### Task item
Write the data out again exactly, dropping any images it holds.

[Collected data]
_ _ _ _ _ _ _

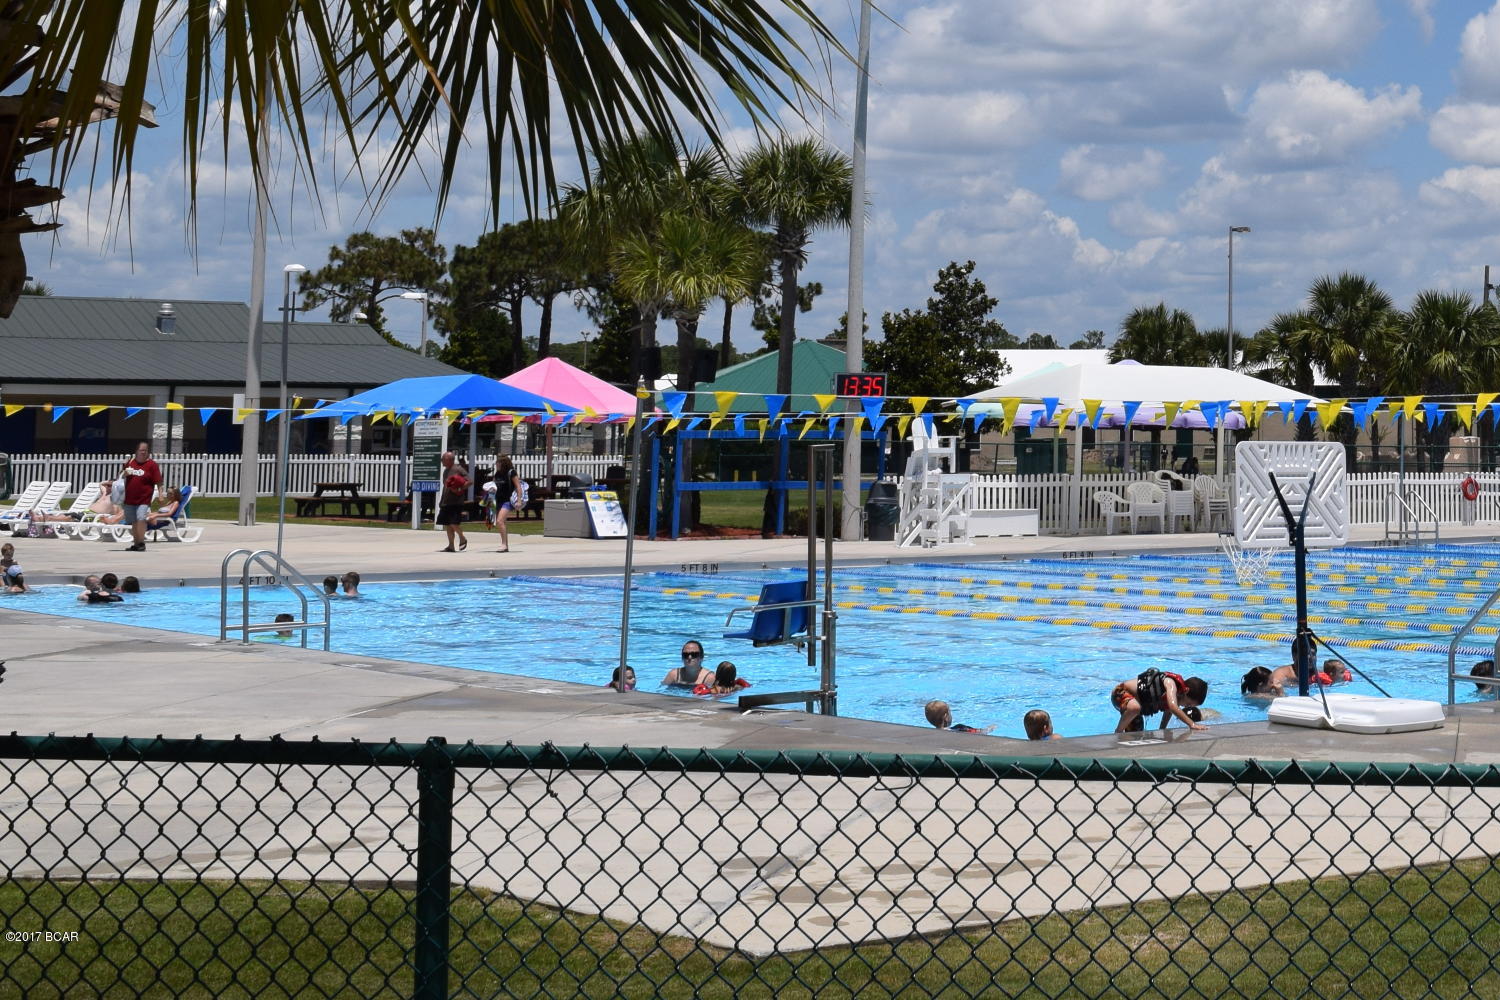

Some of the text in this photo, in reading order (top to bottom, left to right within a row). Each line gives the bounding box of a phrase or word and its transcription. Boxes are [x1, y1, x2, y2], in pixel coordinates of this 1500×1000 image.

[412, 482, 440, 491] NO DIVING
[681, 564, 687, 572] 5
[690, 563, 700, 571] FT
[711, 563, 719, 571] IN
[250, 576, 261, 585] FT
[265, 576, 276, 585] 10
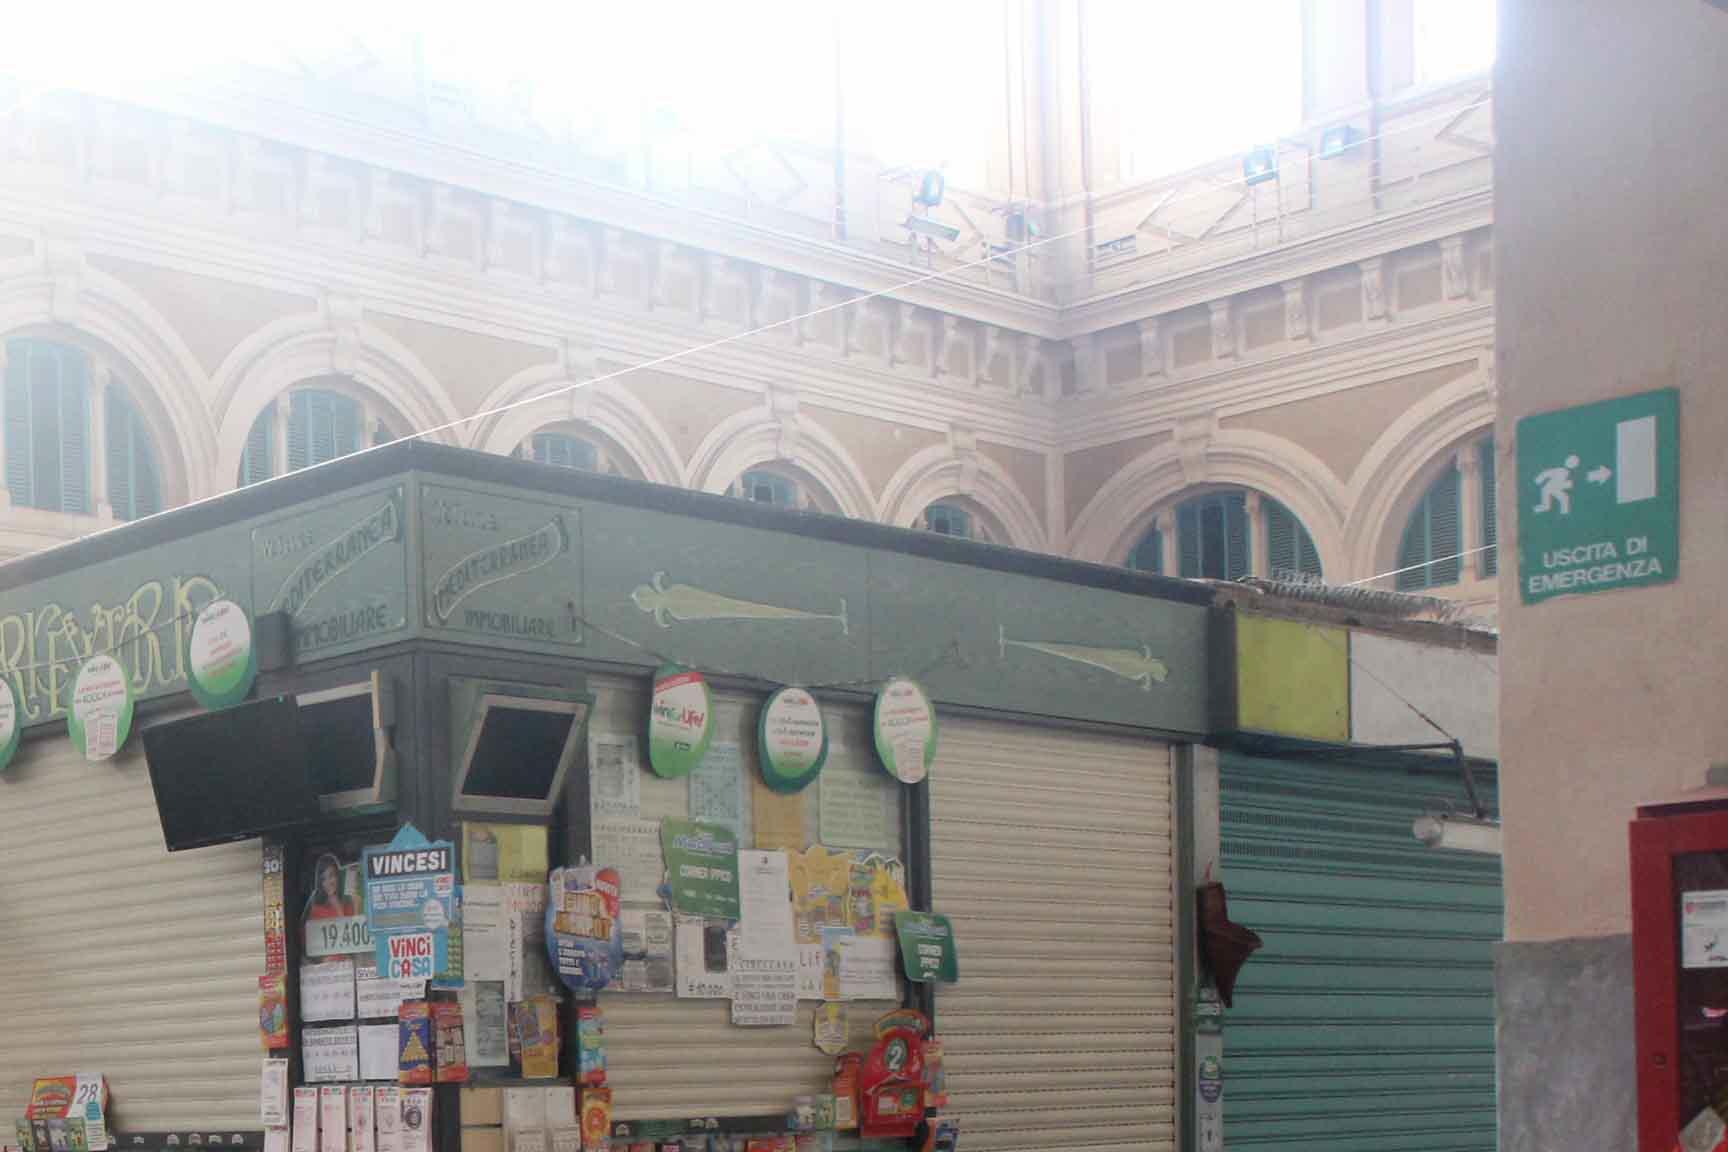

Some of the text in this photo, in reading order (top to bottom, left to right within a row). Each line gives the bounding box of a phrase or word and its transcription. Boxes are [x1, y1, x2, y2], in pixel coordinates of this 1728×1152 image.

[1543, 536, 1648, 568] USCITA DI
[1528, 557, 1662, 592] EMERGENZA
[372, 850, 446, 876] VINCESI
[391, 957, 431, 978] CASA
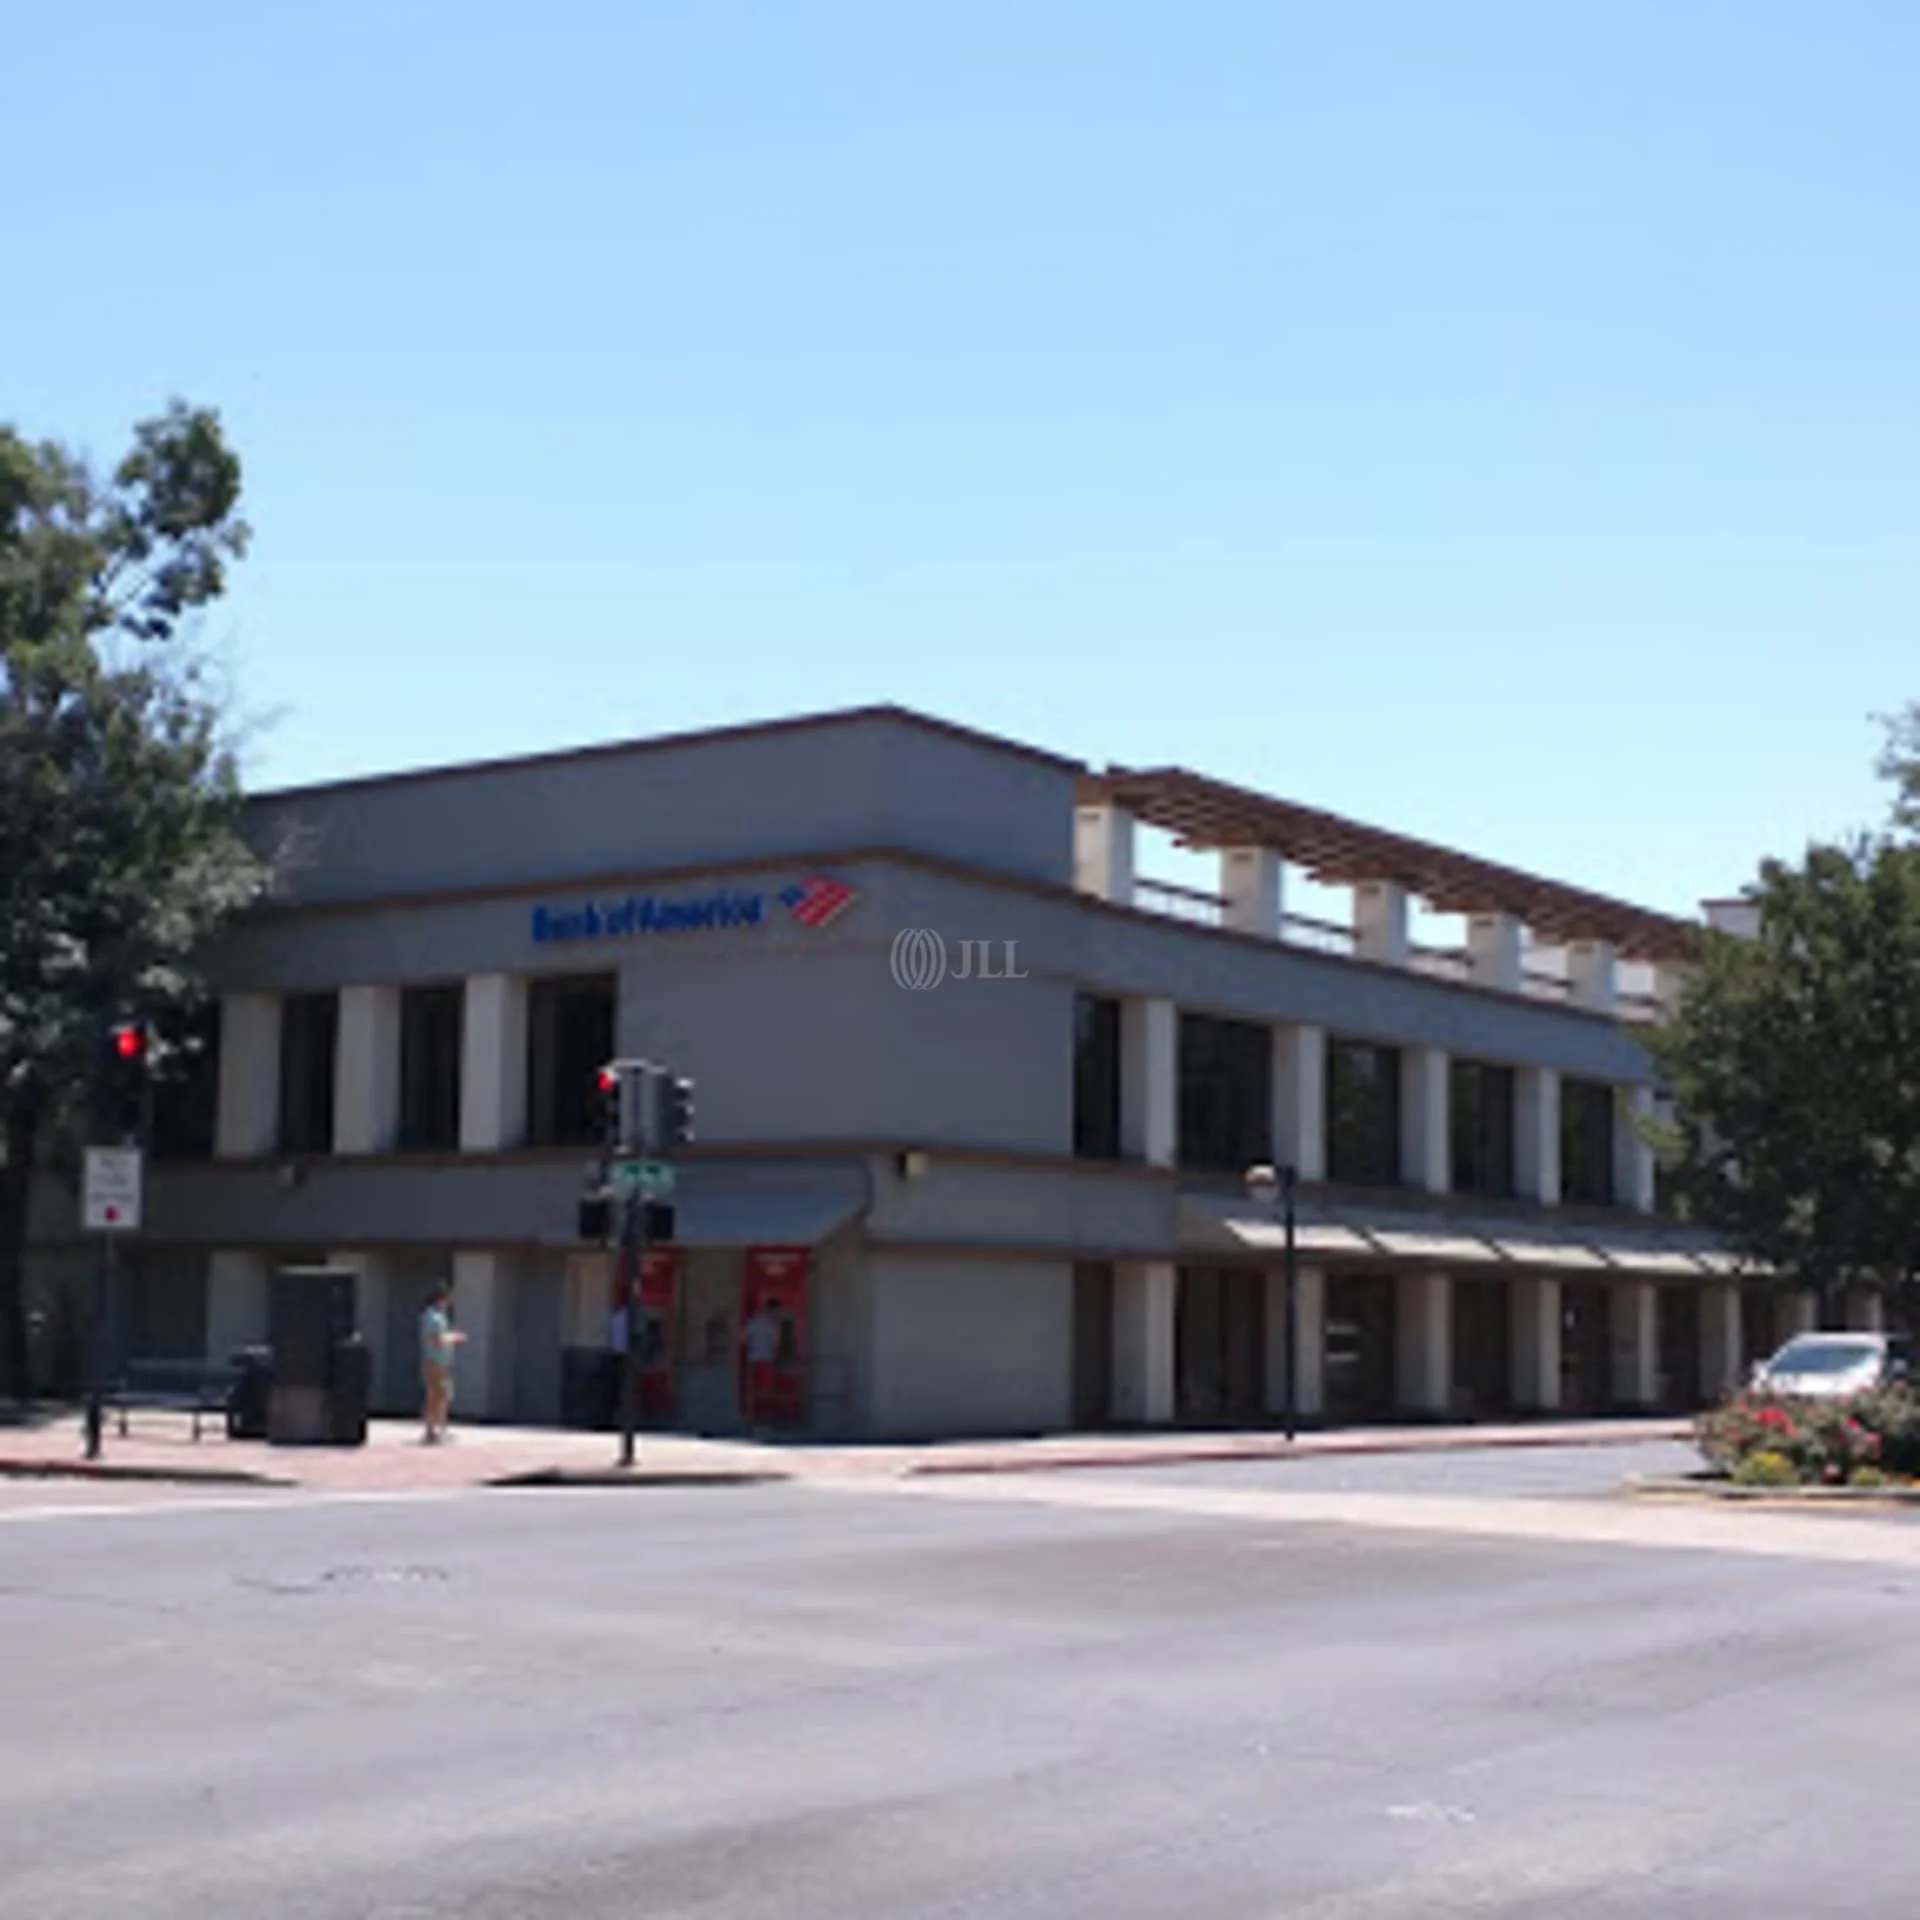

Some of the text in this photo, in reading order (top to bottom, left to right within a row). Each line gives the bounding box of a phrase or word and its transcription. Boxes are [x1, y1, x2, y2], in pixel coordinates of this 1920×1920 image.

[532, 890, 764, 942] Bank of America

_ _ _ _ _ _ _

### Answer space
Some of the text in this photo, in reading order (top to bottom, left to right within a row). Each line gives the bounding box of a phrase or word and its transcription. Boxes are [x1, y1, x2, y2], in pixel coordinates of this 1500×1000 image.

[412, 482, 440, 491] NO DIVING
[681, 564, 687, 572] 5
[690, 563, 700, 571] FT
[711, 563, 719, 571] IN
[250, 576, 261, 585] FT
[265, 576, 276, 585] 10

Some of the text in this photo, in reading order (top to bottom, left to right within a row). Each line gives the bounding box of a phrase or word and its transcription. Boxes are [x1, y1, x2, y2], in pixel coordinates of this 1728×1152 image.

[1543, 536, 1648, 568] USCITA DI
[1528, 557, 1662, 592] EMERGENZA
[372, 850, 446, 876] VINCESI
[391, 957, 431, 978] CASA

Some of the text in this photo, in reading order (top to bottom, left to right within a row). Each line gives the bounding box of a phrase or word and its transcription. Boxes are [x1, y1, x2, y2], in pixel coordinates of this 1920×1920 image.

[532, 890, 764, 942] Bank of America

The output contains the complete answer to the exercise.